# Description of the task
Pictures are not part of the copy; retype all the records below exactly.
/---
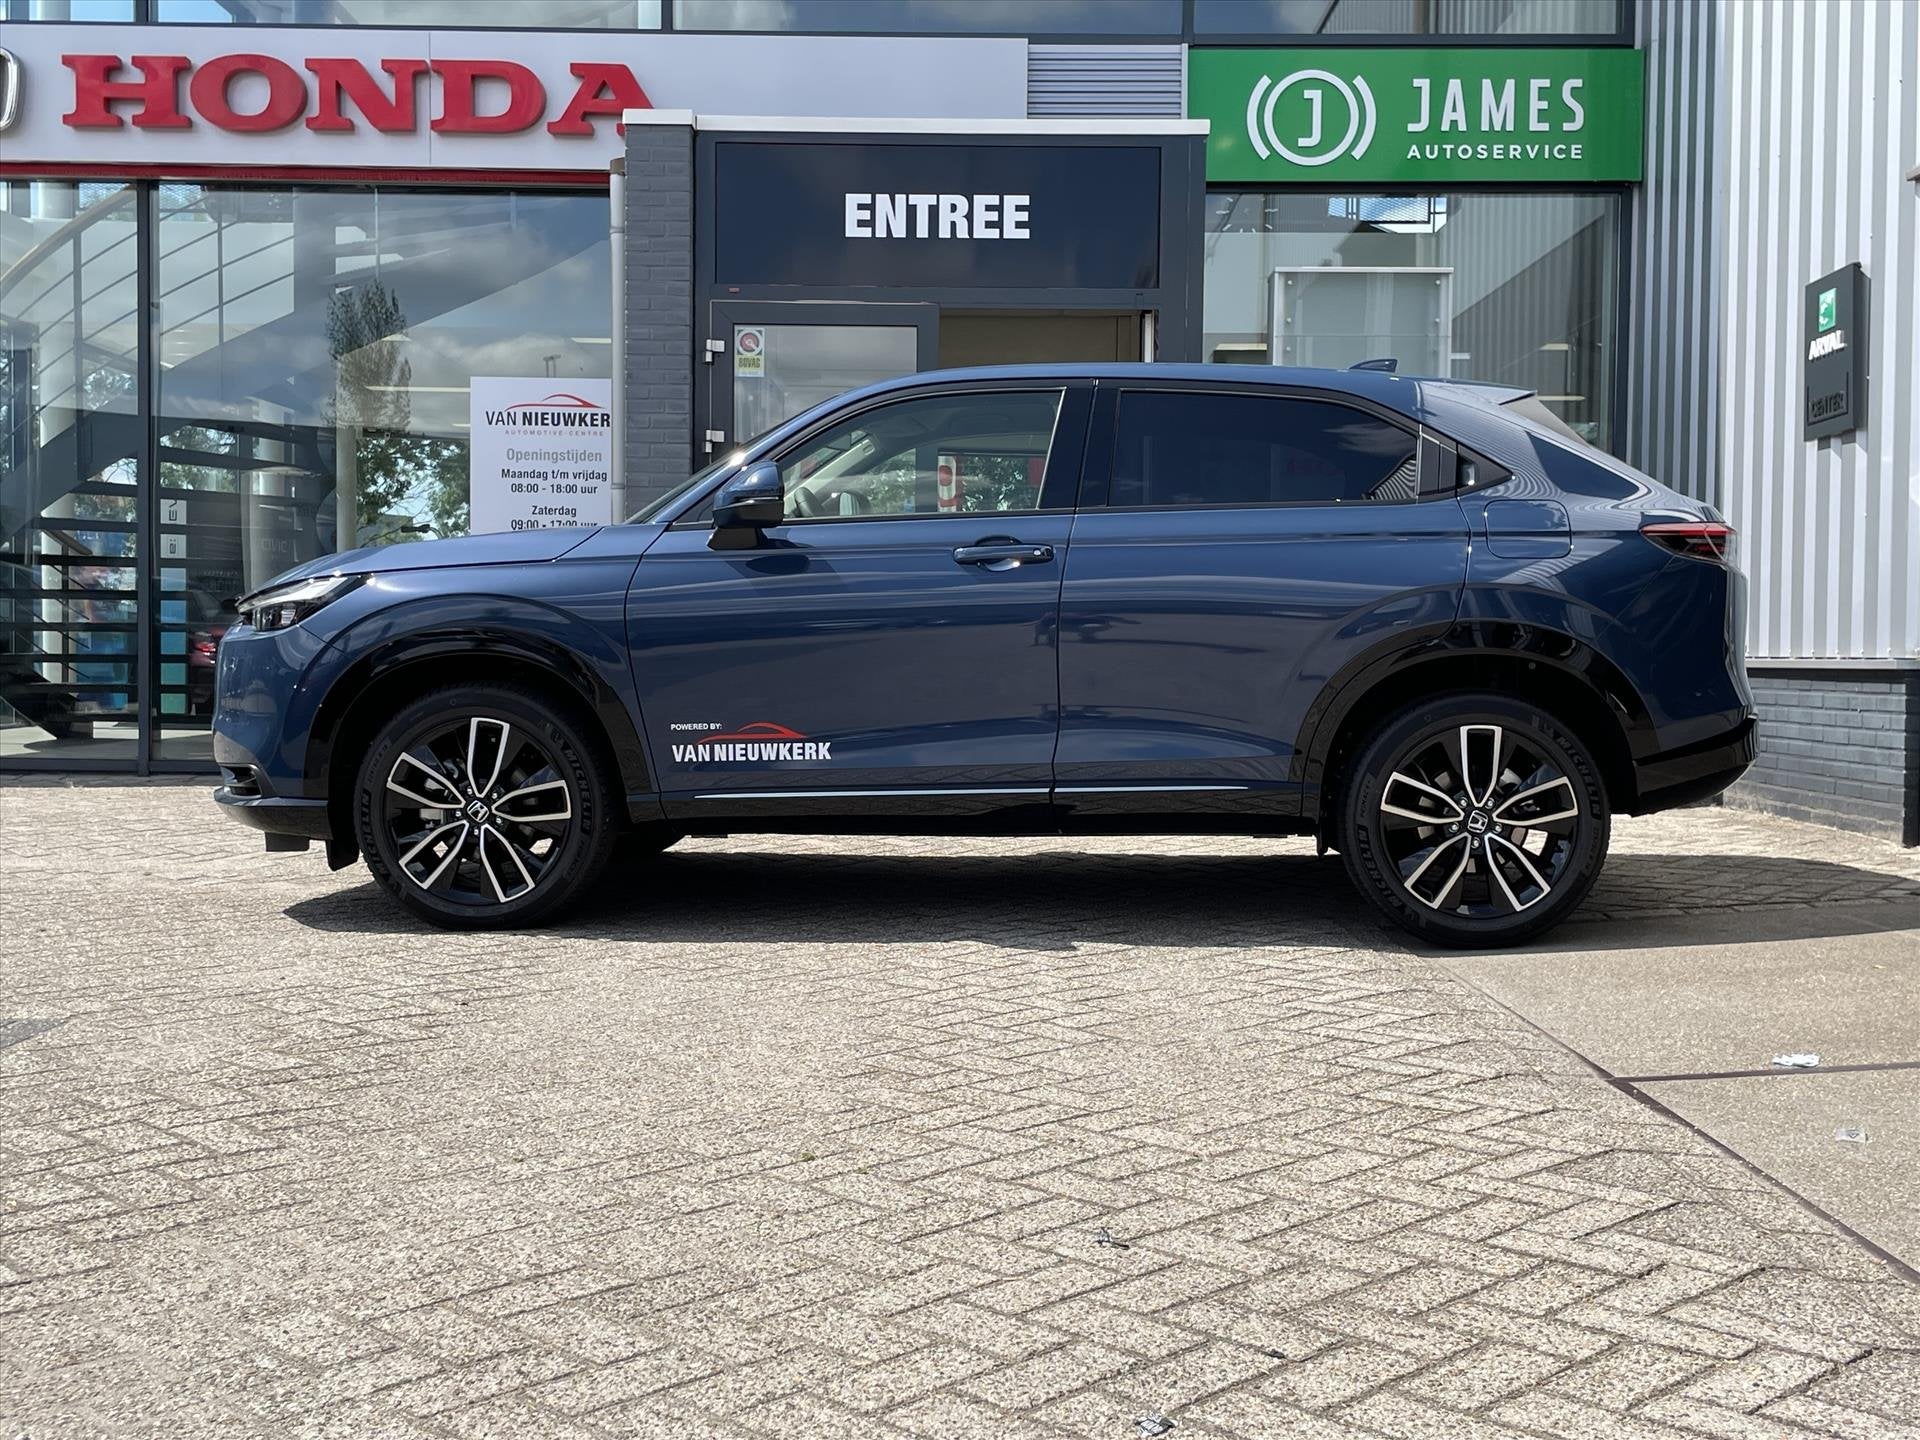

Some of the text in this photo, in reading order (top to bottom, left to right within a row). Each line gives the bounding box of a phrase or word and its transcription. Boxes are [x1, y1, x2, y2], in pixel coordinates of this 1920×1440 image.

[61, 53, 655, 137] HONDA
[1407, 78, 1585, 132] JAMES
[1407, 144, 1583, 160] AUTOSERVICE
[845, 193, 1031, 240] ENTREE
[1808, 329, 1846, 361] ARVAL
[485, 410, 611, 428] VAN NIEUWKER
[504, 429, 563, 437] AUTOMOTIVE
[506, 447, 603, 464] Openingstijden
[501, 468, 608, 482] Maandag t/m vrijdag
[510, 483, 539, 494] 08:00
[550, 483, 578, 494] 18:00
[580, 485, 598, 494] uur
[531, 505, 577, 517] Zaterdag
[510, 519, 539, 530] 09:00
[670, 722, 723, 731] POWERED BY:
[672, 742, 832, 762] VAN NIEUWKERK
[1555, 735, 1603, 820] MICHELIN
\---
# Output
Some of the text in this photo, in reading order (top to bottom, left to right within a row). Each line gives the bounding box of a phrase or word and its transcription. Boxes are [x1, y1, x2, y2], in pixel coordinates of this 1920×1440 image.

[61, 53, 655, 137] HONDA
[1407, 78, 1585, 132] JAMES
[1407, 144, 1583, 160] AUTOSERVICE
[845, 193, 1031, 240] ENTREE
[1808, 329, 1846, 361] ARVAL
[485, 410, 611, 428] VAN NIEUWKER
[504, 429, 563, 437] AUTOMOTIVE
[506, 447, 603, 464] Openingstijden
[501, 468, 608, 482] Maandag t/m vrijdag
[510, 483, 539, 494] 08:00
[550, 483, 578, 494] 18:00
[580, 485, 598, 494] uur
[531, 505, 577, 517] Zaterdag
[510, 519, 539, 530] 09:00
[670, 722, 723, 731] POWERED BY:
[672, 742, 832, 762] VAN NIEUWKERK
[1555, 735, 1603, 820] MICHELIN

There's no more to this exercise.